Esta irregularidad también ha sido advertida en el conjunto del Hindu Kush-Himalaya, donde un monzón más seco puede coexistir con inundaciones repentinas. La alternancia entre semanas con poca lluvia y episodios torrenciales complica la gestión de embalses, la agricultura y las evacuaciones preventivas.

En Kerala, además de la intensidad de las precipitaciones, las condiciones locales pueden modificar el alcance de las inundaciones. La pérdida de humedales, la sedimentación de cauces, la ocupación de zonas expuestas y la capacidad limitada del drenaje influyen en la velocidad con la que el agua se acumula o desborda. Estos factores no sustituyen al fenómeno meteorológico, pero pueden amplificar sus consecuencias.

El Niño modifica el monzón sin determinar cada tormenta

El calentamiento del Pacífico tropical asociado con El Niño suele debilitar la circulación que alimenta el monzón de India. Sin embargo, la respuesta no es uniforme: intervienen también las temperaturas del océano Índico, la circulación atmosférica, la humedad disponible y las condiciones de la superficie terrestre.
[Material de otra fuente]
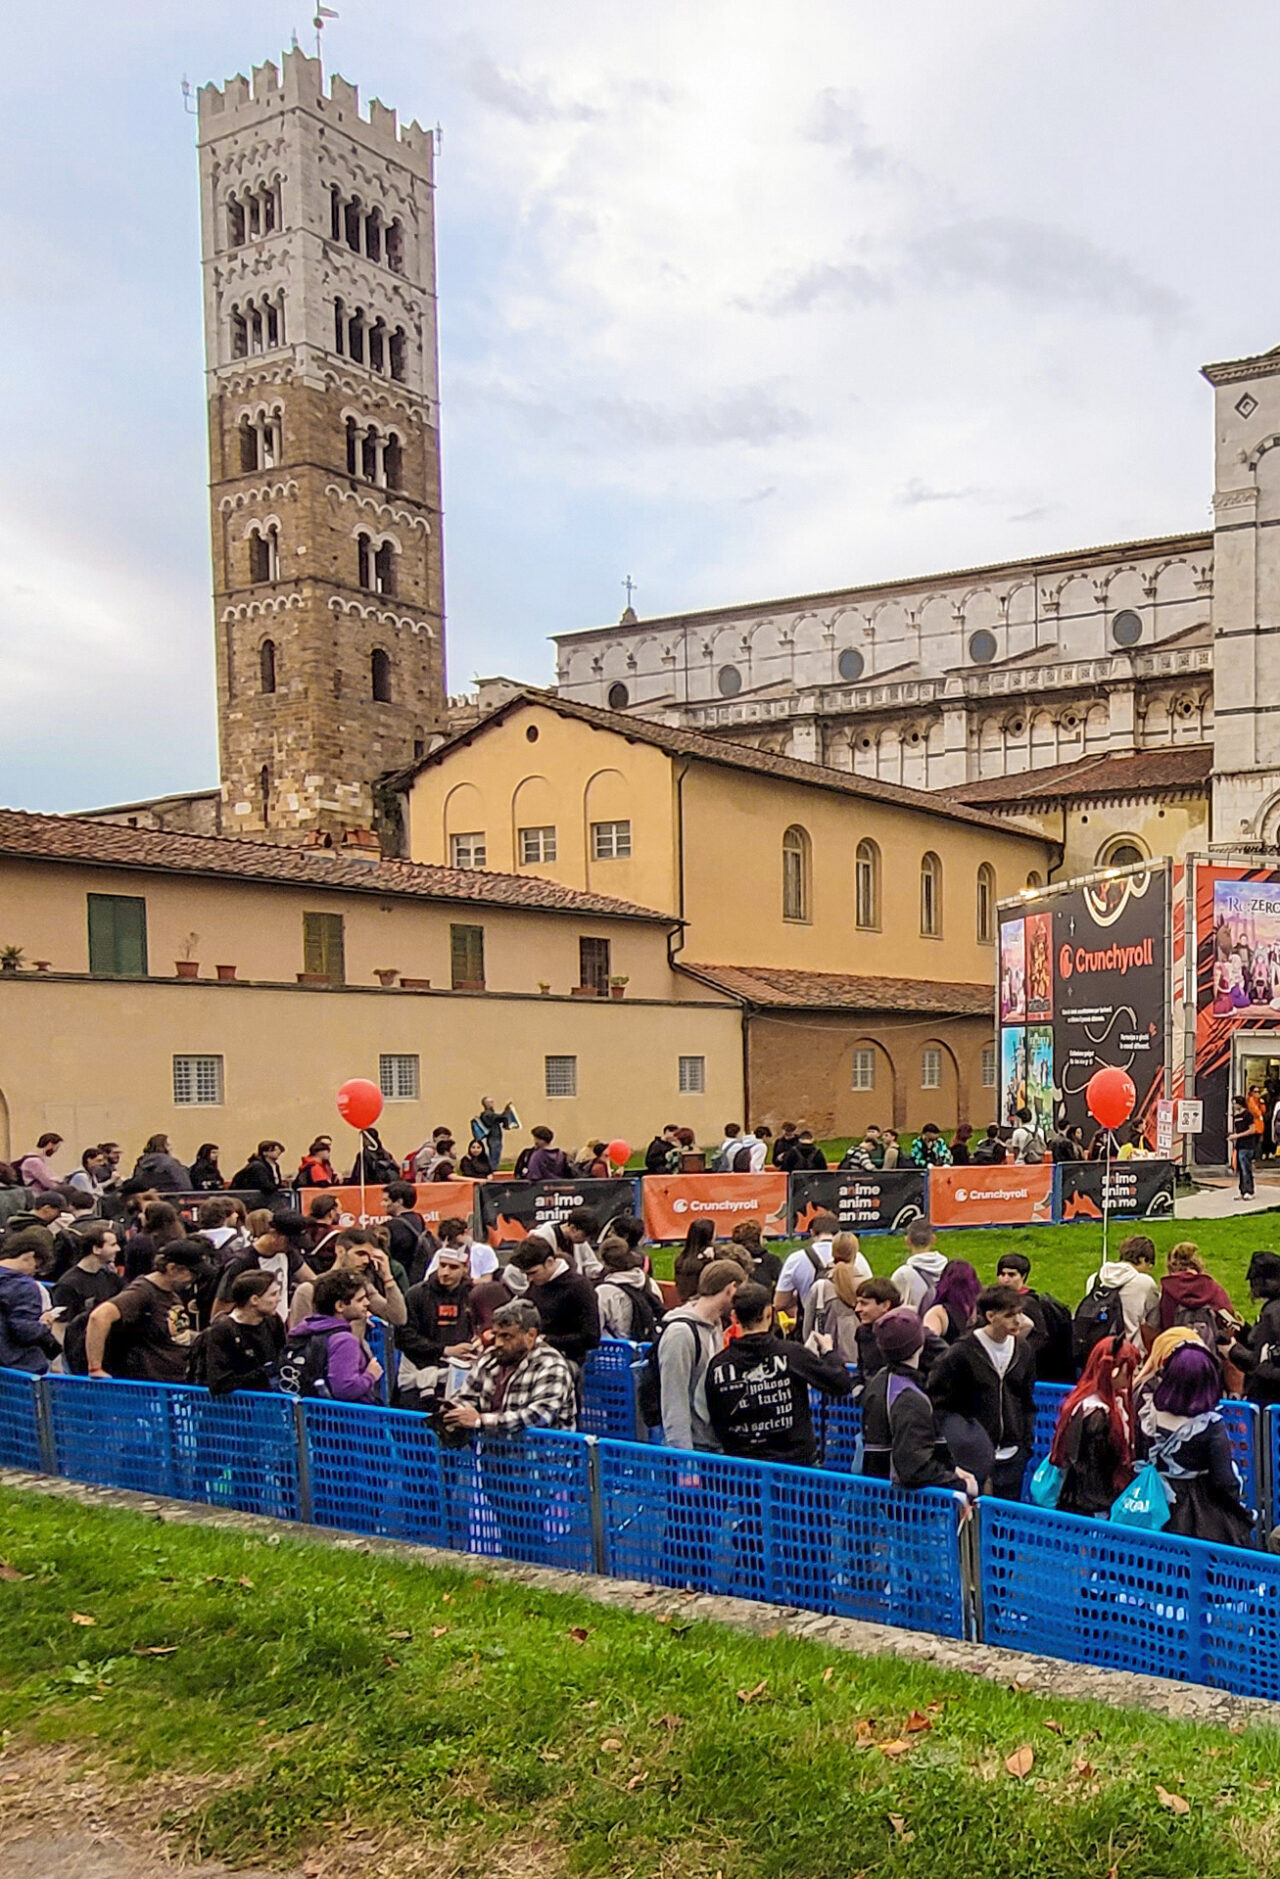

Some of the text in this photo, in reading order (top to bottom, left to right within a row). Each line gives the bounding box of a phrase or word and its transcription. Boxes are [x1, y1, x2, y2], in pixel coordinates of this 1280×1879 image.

[1075, 938, 1153, 975] Crunchyroll
[839, 1183, 881, 1196] anime
[970, 1188, 1028, 1200] Crunchyroll
[535, 1192, 584, 1207] anime
[690, 1199, 759, 1212] Crunchyroll
[358, 1210, 440, 1226] Crunoll
[535, 1207, 574, 1220] anim
[838, 1209, 881, 1222] anme
Investigaciones recientes indican que incluso una anomalía térmica en el Atlántico Norte puede redistribuir las lluvias del monzón indio. Esta conexión ayuda a explicar por qué algunas regiones reciben más humedad mientras otras afrontan déficits durante una misma temporada.

El Niño tampoco debe considerarse la causa automática de cada inundación. Su influencia modifica las probabilidades estacionales, pero los episodios concretos dependen de sistemas meteorológicos de menor escala, del relieve y del estado de cada cuenca. Las interacciones entre la superficie terrestre y el monzón asiático añaden otra capa de variabilidad que los pronósticos deben incorporar.

Suelos secos y lluvias concentradas elevan el peligro

Los intervalos secos prolongados reducen la humedad superficial y pueden deteriorar la estructura del suelo. Si después ocurre una tormenta intensa, parte del agua escurre antes de infiltrarse, alimentando crecidas rápidas. En terrenos montañosos, la lluvia concentrada también puede desestabilizar pendientes, especialmente cuando existen cortes de carreteras, deforestación o asentamientos en zonas de riesgo.

La posibilidad de que una atmósfera más cálida transporte más vapor de agua no significa que lloverá de manera constante. La humedad puede concentrarse en episodios menos frecuentes pero más intensos, una dinámica observada también en otros sistemas monzónicos, como muestra el estudio de una gran corriente atmosférica asociada con lluvias extremas en Filipinas.

La adaptación debe prepararse para sequías e inundaciones

El contraste registrado en India exige combinar la administración de la escasez hídrica con la prevención de inundaciones. Los acumulados mensuales y estacionales deben complementarse con pronósticos de corto plazo, mediciones de humedad del suelo, vigilancia de ríos y mapas actualizados de deslizamientos.

En las ciudades y comunidades expuestas, la limpieza de drenajes, la conservación de humedales, el control de construcciones en cauces y la difusión rápida de alertas pueden reducir daños. Para las zonas rurales, el seguimiento de reservas de agua y la adaptación de los calendarios agrícolas resultan esenciales ante precipitaciones cada vez más irregulares.

El monzón de 2026 deja así una advertencia operativa: la falta de lluvia acumulada y los aguaceros destructivos no son riesgos opuestos. Ambos pueden desarrollarse durante una misma temporada y afectar de manera diferente a cada territorio, por lo que las decisiones deben basarse en información local y no únicamente en el promedio nacional.